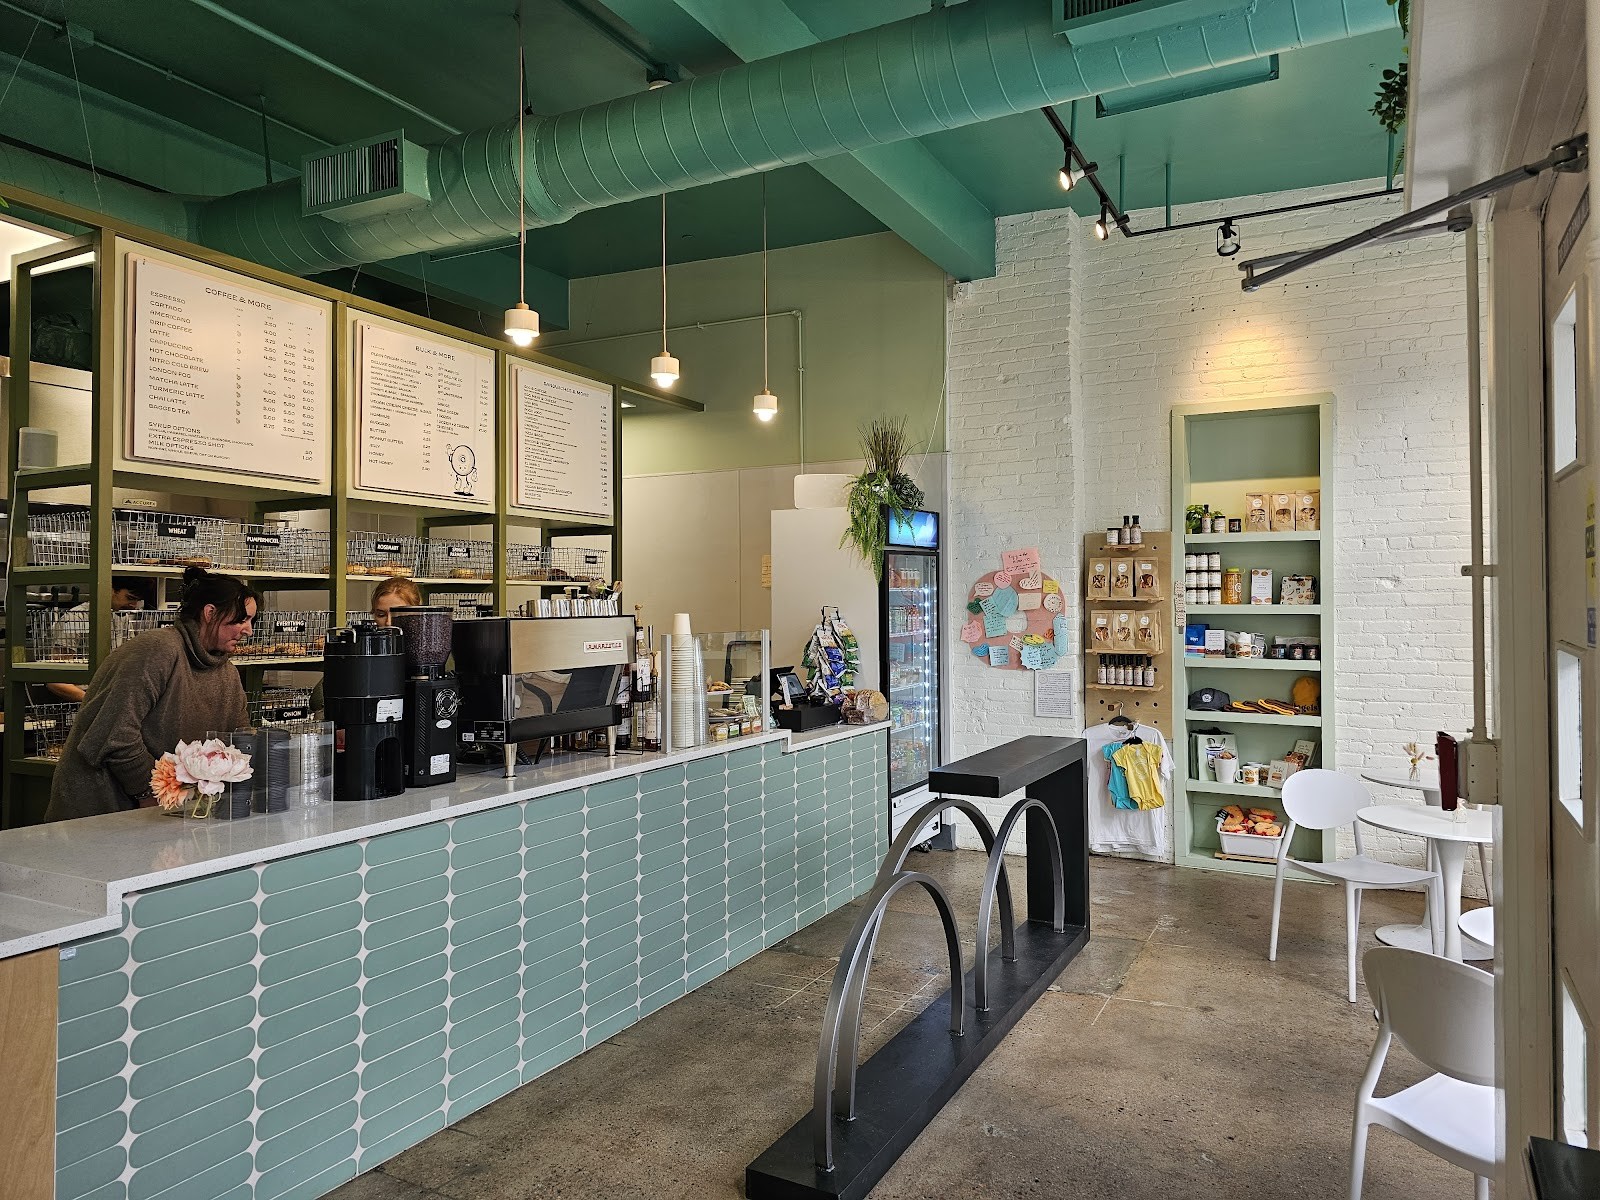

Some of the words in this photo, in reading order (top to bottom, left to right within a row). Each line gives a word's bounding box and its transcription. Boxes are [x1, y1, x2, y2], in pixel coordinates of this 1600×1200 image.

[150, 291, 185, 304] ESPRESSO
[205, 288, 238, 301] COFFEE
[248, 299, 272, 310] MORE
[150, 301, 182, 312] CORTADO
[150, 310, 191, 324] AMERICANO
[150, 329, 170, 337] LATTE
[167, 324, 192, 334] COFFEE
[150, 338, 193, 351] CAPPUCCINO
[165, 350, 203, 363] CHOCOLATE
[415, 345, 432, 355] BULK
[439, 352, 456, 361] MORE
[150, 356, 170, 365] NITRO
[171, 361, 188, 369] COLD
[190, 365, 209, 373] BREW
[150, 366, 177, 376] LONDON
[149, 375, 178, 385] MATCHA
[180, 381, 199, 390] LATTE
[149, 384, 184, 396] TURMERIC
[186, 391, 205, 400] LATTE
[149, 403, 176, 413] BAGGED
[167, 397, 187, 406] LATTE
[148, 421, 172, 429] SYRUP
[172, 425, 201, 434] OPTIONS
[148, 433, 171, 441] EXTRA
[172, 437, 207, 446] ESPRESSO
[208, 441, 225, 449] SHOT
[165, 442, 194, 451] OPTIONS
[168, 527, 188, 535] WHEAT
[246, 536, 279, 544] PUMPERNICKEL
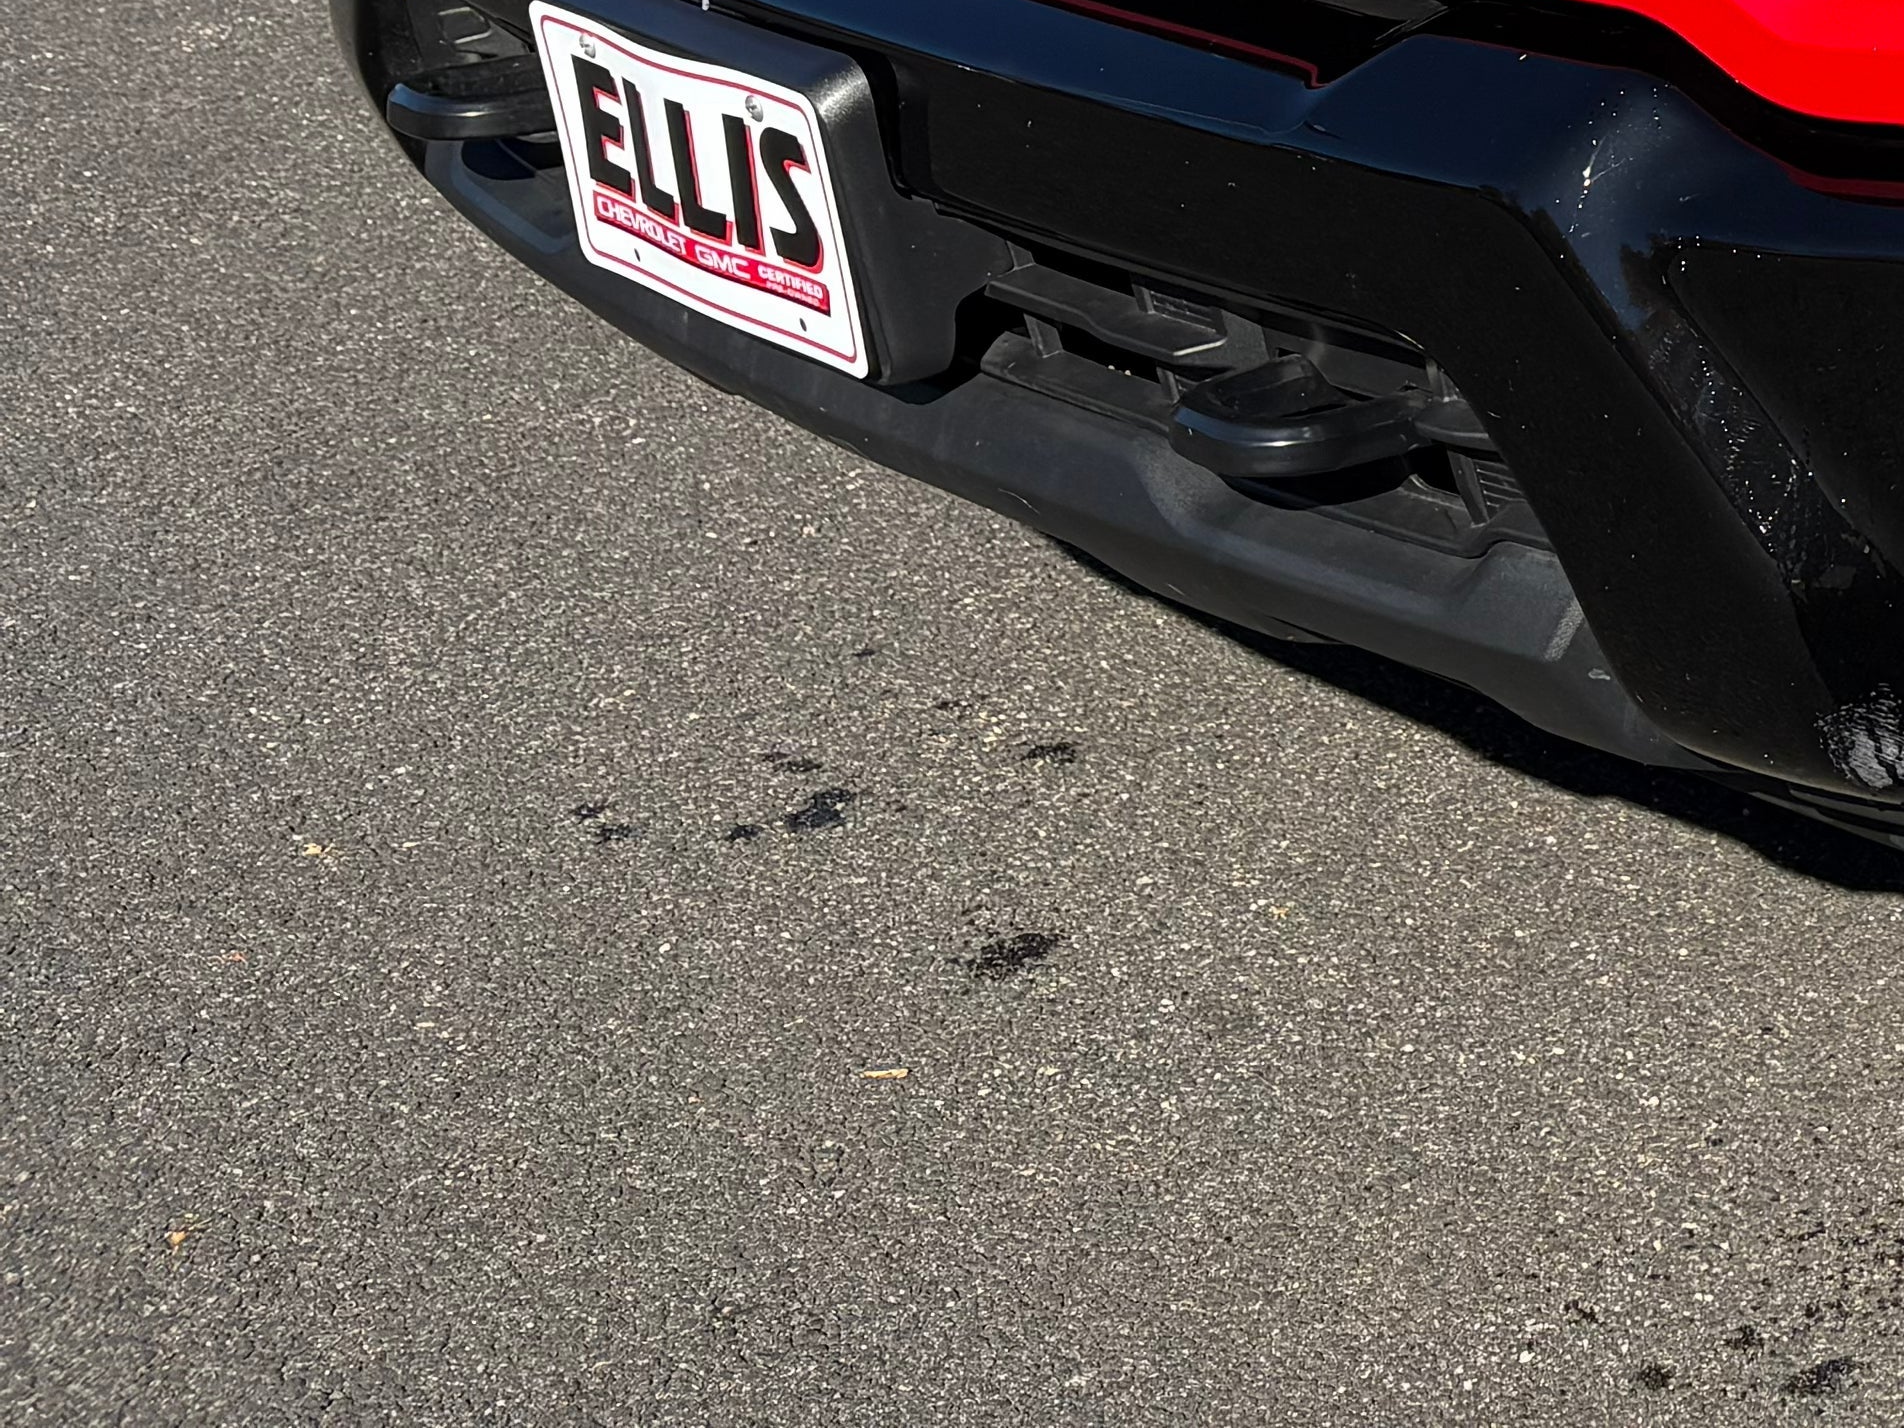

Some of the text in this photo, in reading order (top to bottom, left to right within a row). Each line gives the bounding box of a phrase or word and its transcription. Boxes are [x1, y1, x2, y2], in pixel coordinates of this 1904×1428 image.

===============

Required work: Repeat everything in the records above exactly, except the pictures.

Result of the exercise:
Some of the words in this photo, in reading order (top to bottom, left to right within a row). Each line gives a word's bounding box and its transcription. Boxes are [x1, y1, x2, y2], in pixel coordinates of this 1600×1200 image.

[150, 291, 185, 304] ESPRESSO
[205, 288, 238, 301] COFFEE
[248, 299, 272, 310] MORE
[150, 301, 182, 312] CORTADO
[150, 310, 191, 324] AMERICANO
[150, 329, 170, 337] LATTE
[167, 324, 192, 334] COFFEE
[150, 338, 193, 351] CAPPUCCINO
[165, 350, 203, 363] CHOCOLATE
[415, 345, 432, 355] BULK
[439, 352, 456, 361] MORE
[150, 356, 170, 365] NITRO
[171, 361, 188, 369] COLD
[190, 365, 209, 373] BREW
[150, 366, 177, 376] LONDON
[149, 375, 178, 385] MATCHA
[180, 381, 199, 390] LATTE
[149, 384, 184, 396] TURMERIC
[186, 391, 205, 400] LATTE
[149, 403, 176, 413] BAGGED
[167, 397, 187, 406] LATTE
[148, 421, 172, 429] SYRUP
[172, 425, 201, 434] OPTIONS
[148, 433, 171, 441] EXTRA
[172, 437, 207, 446] ESPRESSO
[208, 441, 225, 449] SHOT
[165, 442, 194, 451] OPTIONS
[168, 527, 188, 535] WHEAT
[246, 536, 279, 544] PUMPERNICKEL

Some of the text in this photo, in reading order (top to bottom, left to right within a row). Each line gives the bounding box of a phrase or word and its transcription. Boxes are [x1, y1, x2, y2], in pixel coordinates of this 1904×1428 image.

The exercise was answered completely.